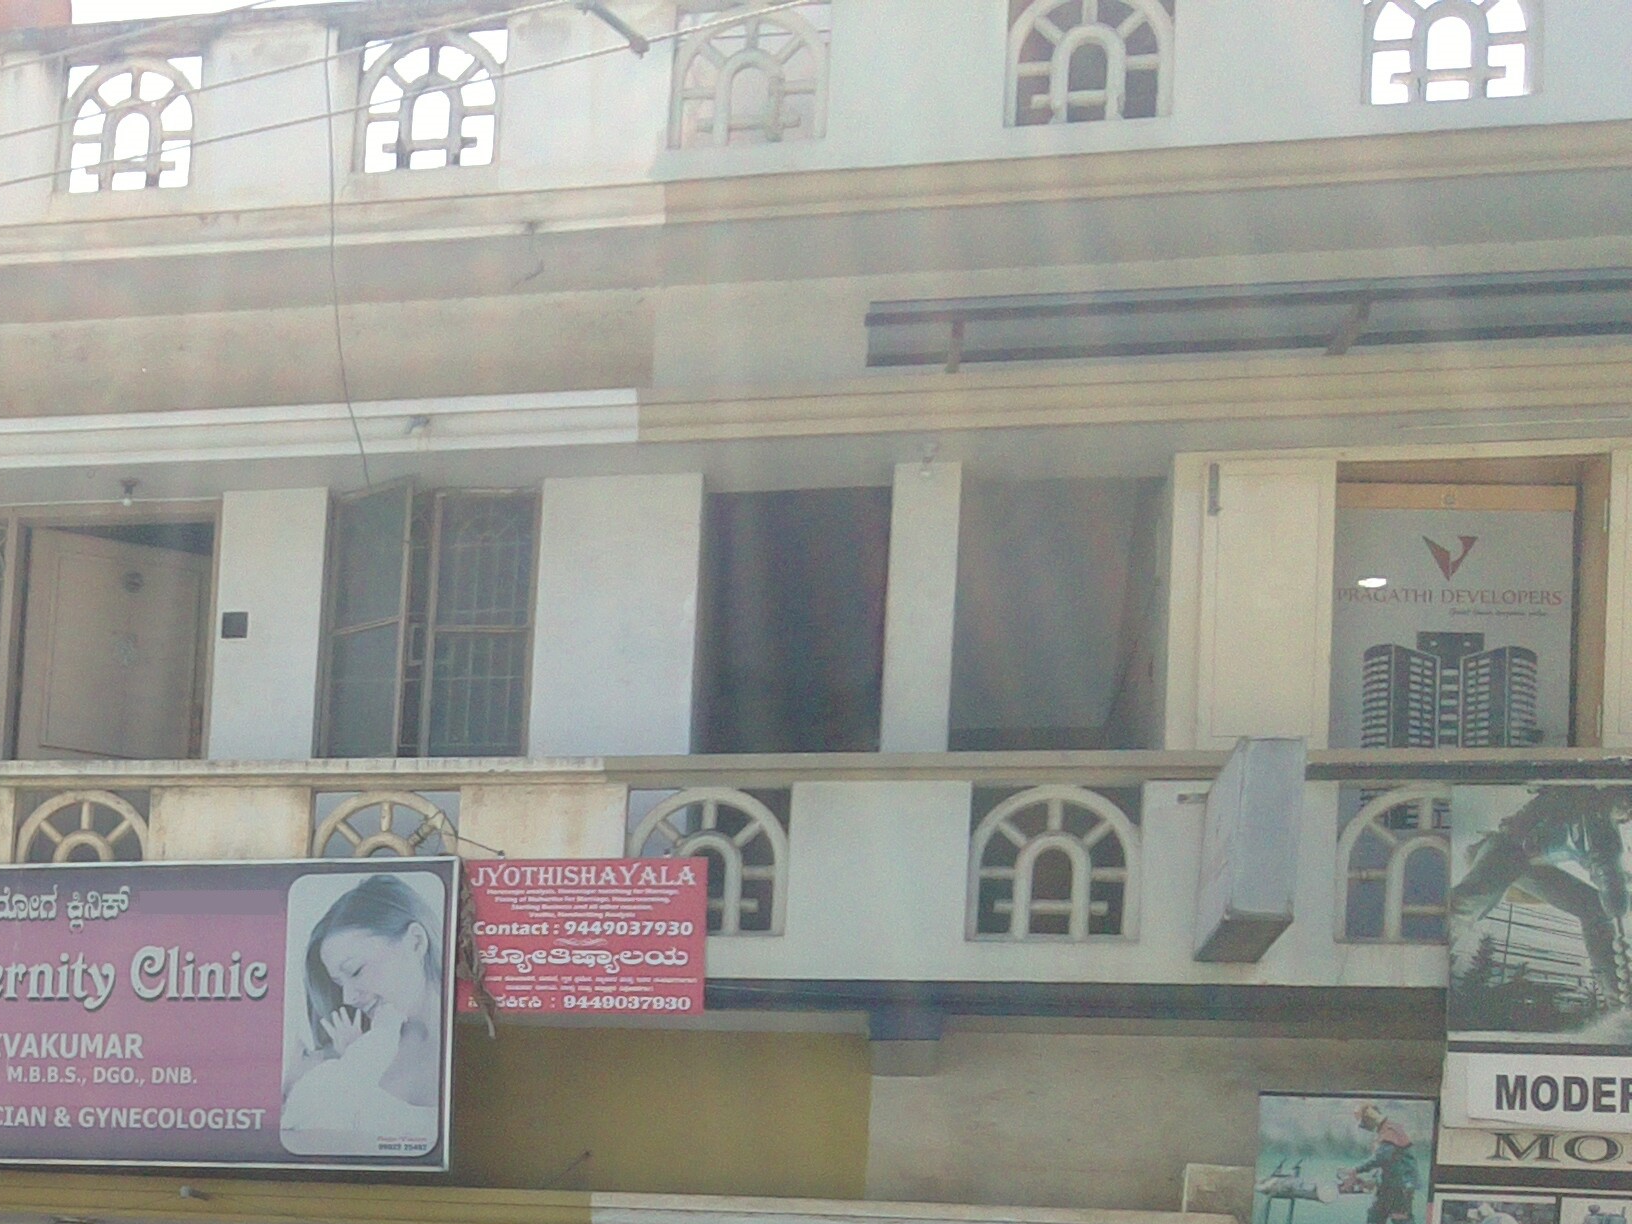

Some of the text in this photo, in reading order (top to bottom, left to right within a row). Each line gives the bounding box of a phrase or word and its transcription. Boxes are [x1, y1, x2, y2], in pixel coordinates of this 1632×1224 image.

[1441, 588, 1563, 606] DEVELOPERS
[470, 862, 697, 887] JYOTHISHAYALA
[66, 884, 130, 933] ಕ್ಲಿನಿಕ್
[473, 921, 550, 936] Contact
[563, 920, 694, 937] 9449037930
[129, 943, 269, 1001] Clinic
[562, 995, 692, 1011] 9449037930
[6, 1065, 197, 1088] M.B.B.S., DGO., DNB.
[54, 1106, 72, 1128] &
[78, 1106, 267, 1131] GYNECOLOGIST

▶ REQUIRED ACTION
Repeat every entry above word for word, and include no pictures.

▶ ANSWER BOX
Some of the text in this photo, in reading order (top to bottom, left to right within a row). Each line gives the bounding box of a phrase or word and its transcription. Boxes are [x1, y1, x2, y2], in pixel coordinates of this 1632×1224 image.

[1441, 588, 1563, 606] DEVELOPERS
[470, 862, 697, 887] JYOTHISHAYALA
[66, 884, 130, 933] ಕ್ಲಿನಿಕ್
[473, 921, 550, 936] Contact
[563, 920, 694, 937] 9449037930
[129, 943, 269, 1001] Clinic
[562, 995, 692, 1011] 9449037930
[6, 1065, 197, 1088] M.B.B.S., DGO., DNB.
[54, 1106, 72, 1128] &
[78, 1106, 267, 1131] GYNECOLOGIST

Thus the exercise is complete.